DSPy's documentation highlights two key points about using modules as metrics:

1. If your metric is itself a DSPy program, one of the most powerful ways to iterate is to compile (optimize) your metric itself. That's usually easy because the output of the metric is usually a simple value (e.g., a score out of 5) so the metric's metric is easy to define and optimize by collecting a few examples.

2. When your metric is used during evaluation runs, DSPy will not try to track the steps of your program. But during compiling (optimization), DSPy will trace your LM calls. The trace will contain inputs/outputs to each DSPy predictor and you can leverage that to validate intermediate steps for optimization.

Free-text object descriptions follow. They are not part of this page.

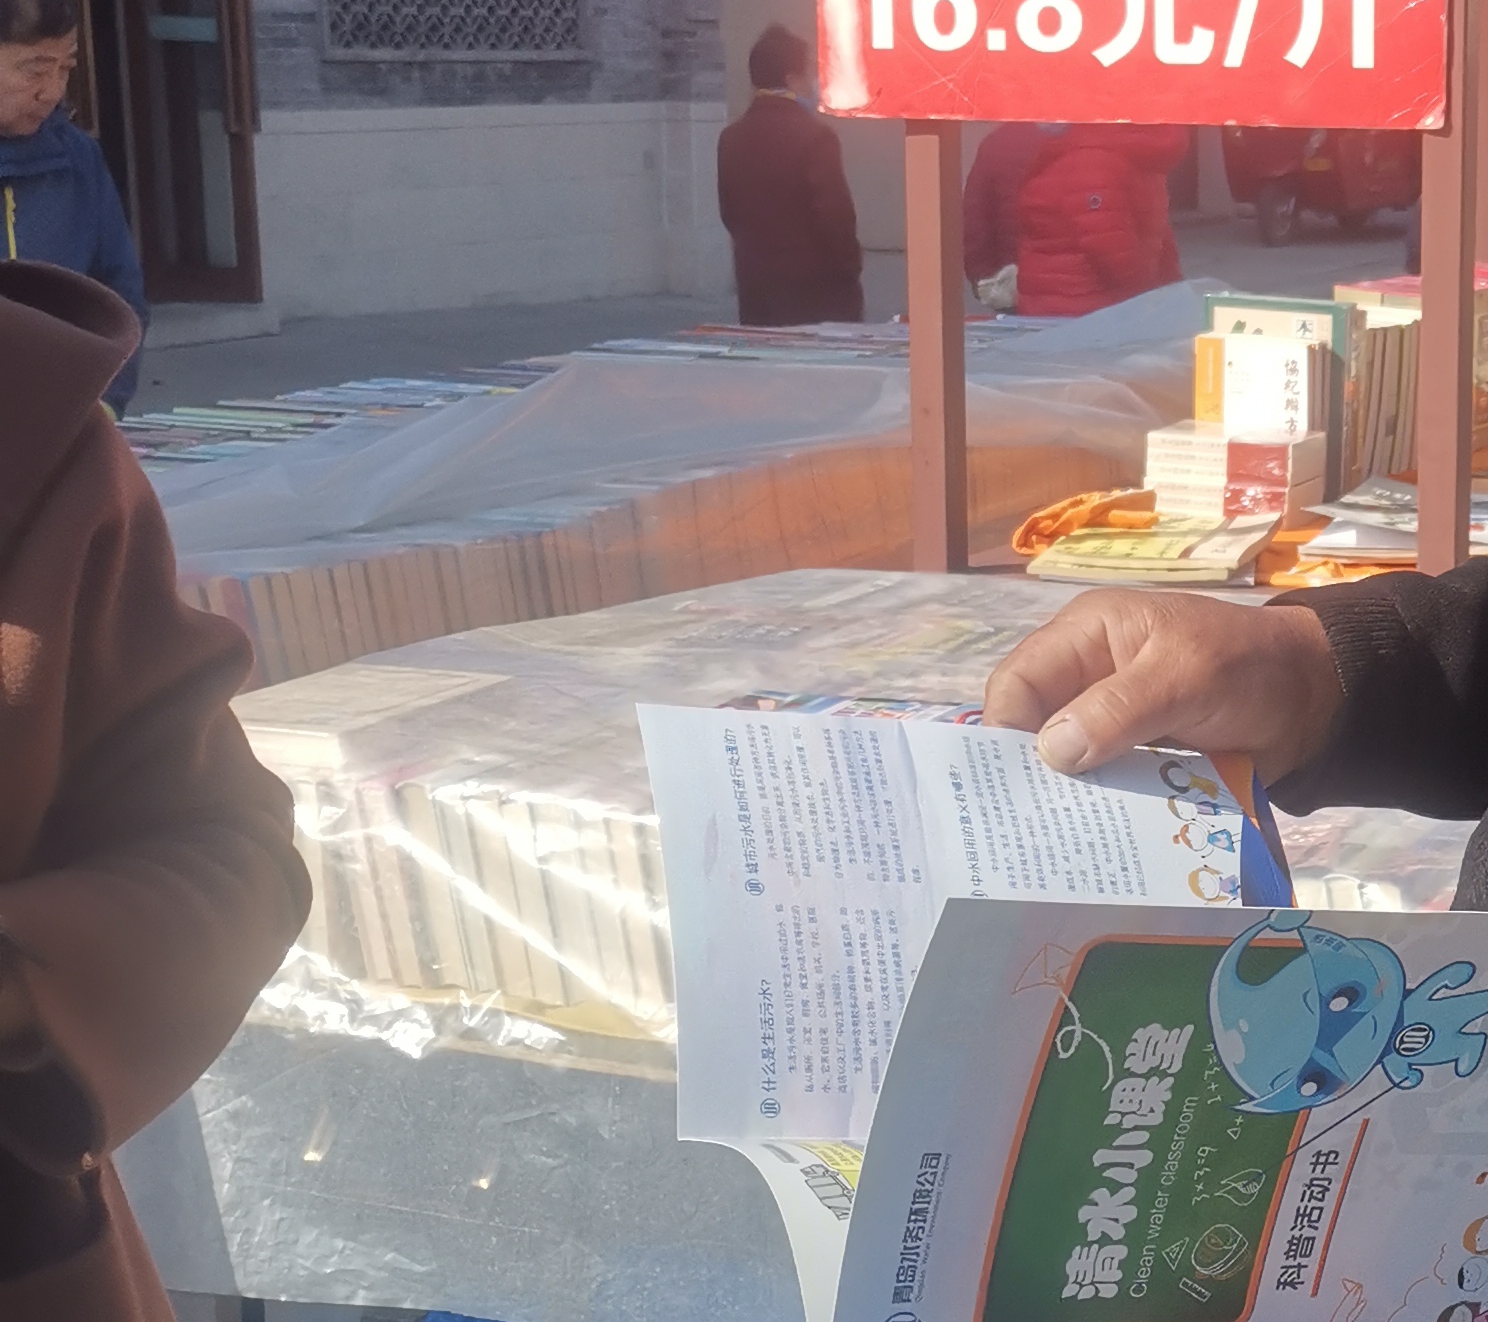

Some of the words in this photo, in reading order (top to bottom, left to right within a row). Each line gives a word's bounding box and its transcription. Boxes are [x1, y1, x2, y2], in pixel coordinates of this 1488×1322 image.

[892, 1152, 942, 1304] 青岛水务环境公司
[1060, 1024, 1194, 1301] 清水小课堂
[1130, 1245, 1156, 1297] Clean
[1144, 1191, 1172, 1238] water
[1159, 1096, 1200, 1186] classroom
[1275, 1149, 1340, 1291] 科普活动书

Digging into the second point with our prior example, the metric operates in two modes:

**Standard Evaluation (trace=None)**: Returns a normalized score (0-1) based on accuracy and conciseness of the summary, requiring factual accuracy as a gating factor.

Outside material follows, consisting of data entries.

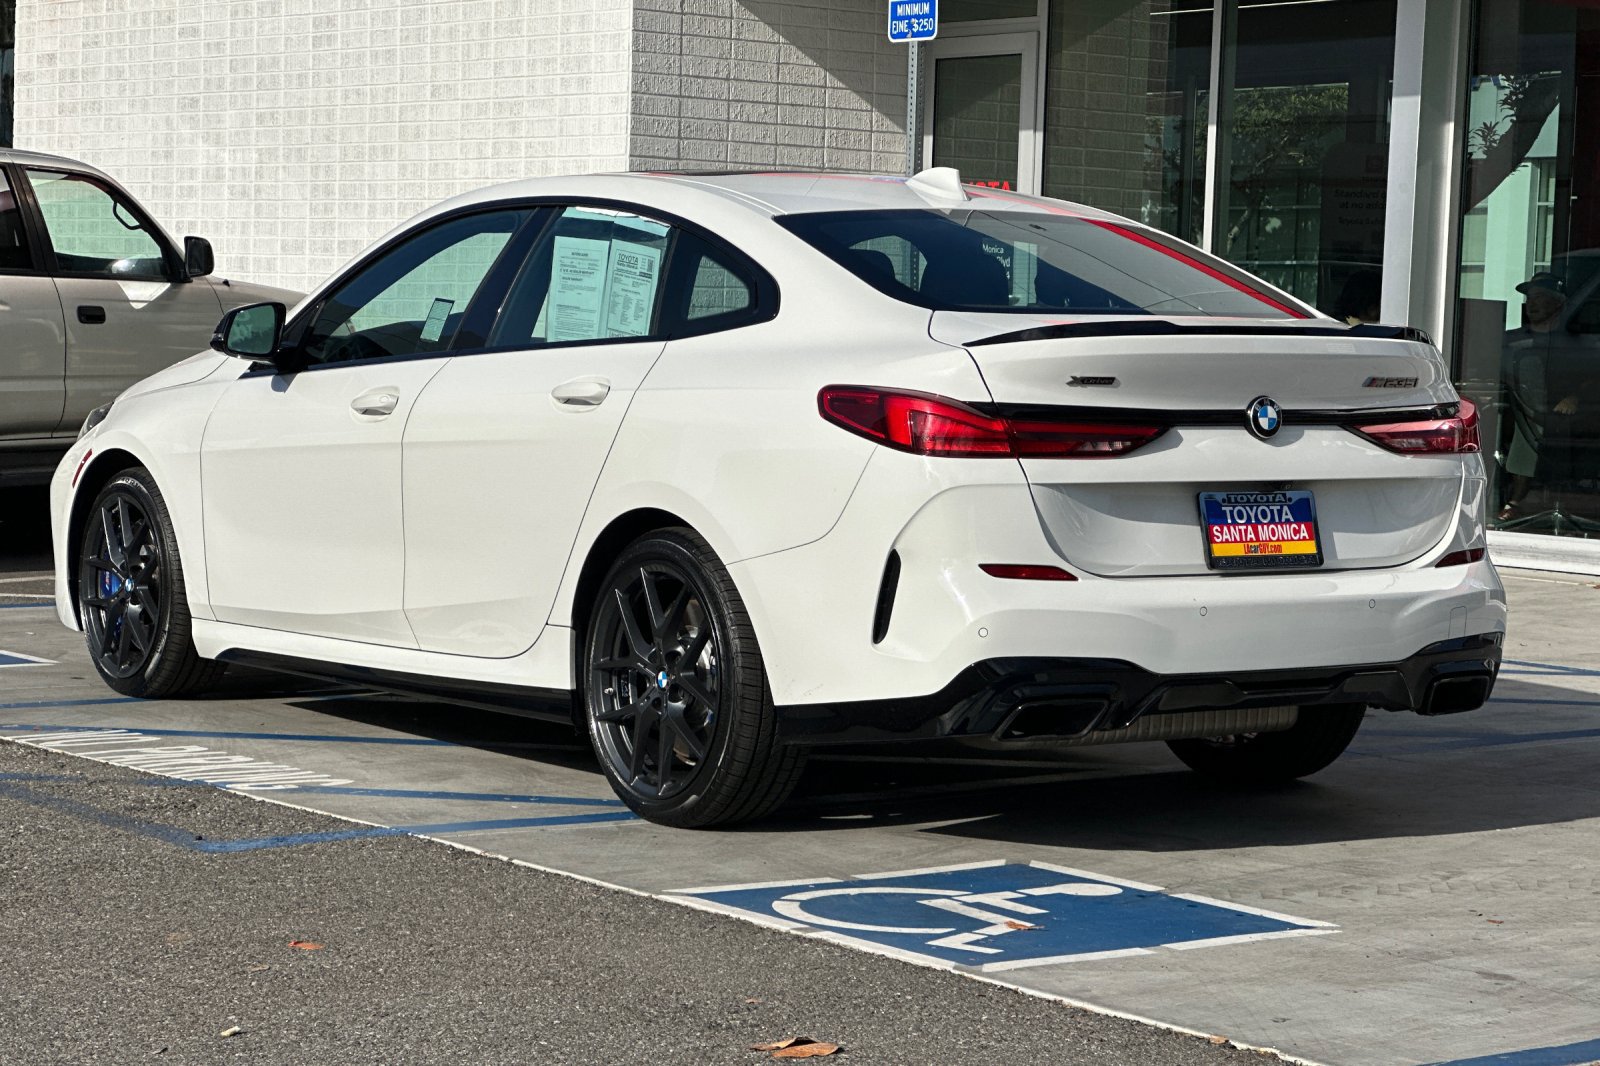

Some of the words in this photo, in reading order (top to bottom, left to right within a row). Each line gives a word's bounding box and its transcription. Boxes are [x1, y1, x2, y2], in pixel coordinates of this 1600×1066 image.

[896, 2, 930, 16] MINIMUM
[912, 18, 934, 32] $250
[982, 243, 1004, 254] Monica
[1227, 494, 1285, 503] TOYOTA
[1222, 505, 1294, 524] TOYOTA
[1212, 525, 1256, 543] SANTA
[1258, 523, 1309, 541] MONICA
[77, 745, 354, 790] PARKING

**Compilation Mode (trace available)**: During compilation, DSPy provides us with the trace of our ChainOfThought module `(dialog_sum)`. While our standard evaluation returns a normalized score between 0-1, in compilation mode we alter the return logic to instead provide a binary success criterion `(score >= 2)`. This binary signal helps DSPy optimize more effectively during compilation by providing a clear success/failure signal for each example.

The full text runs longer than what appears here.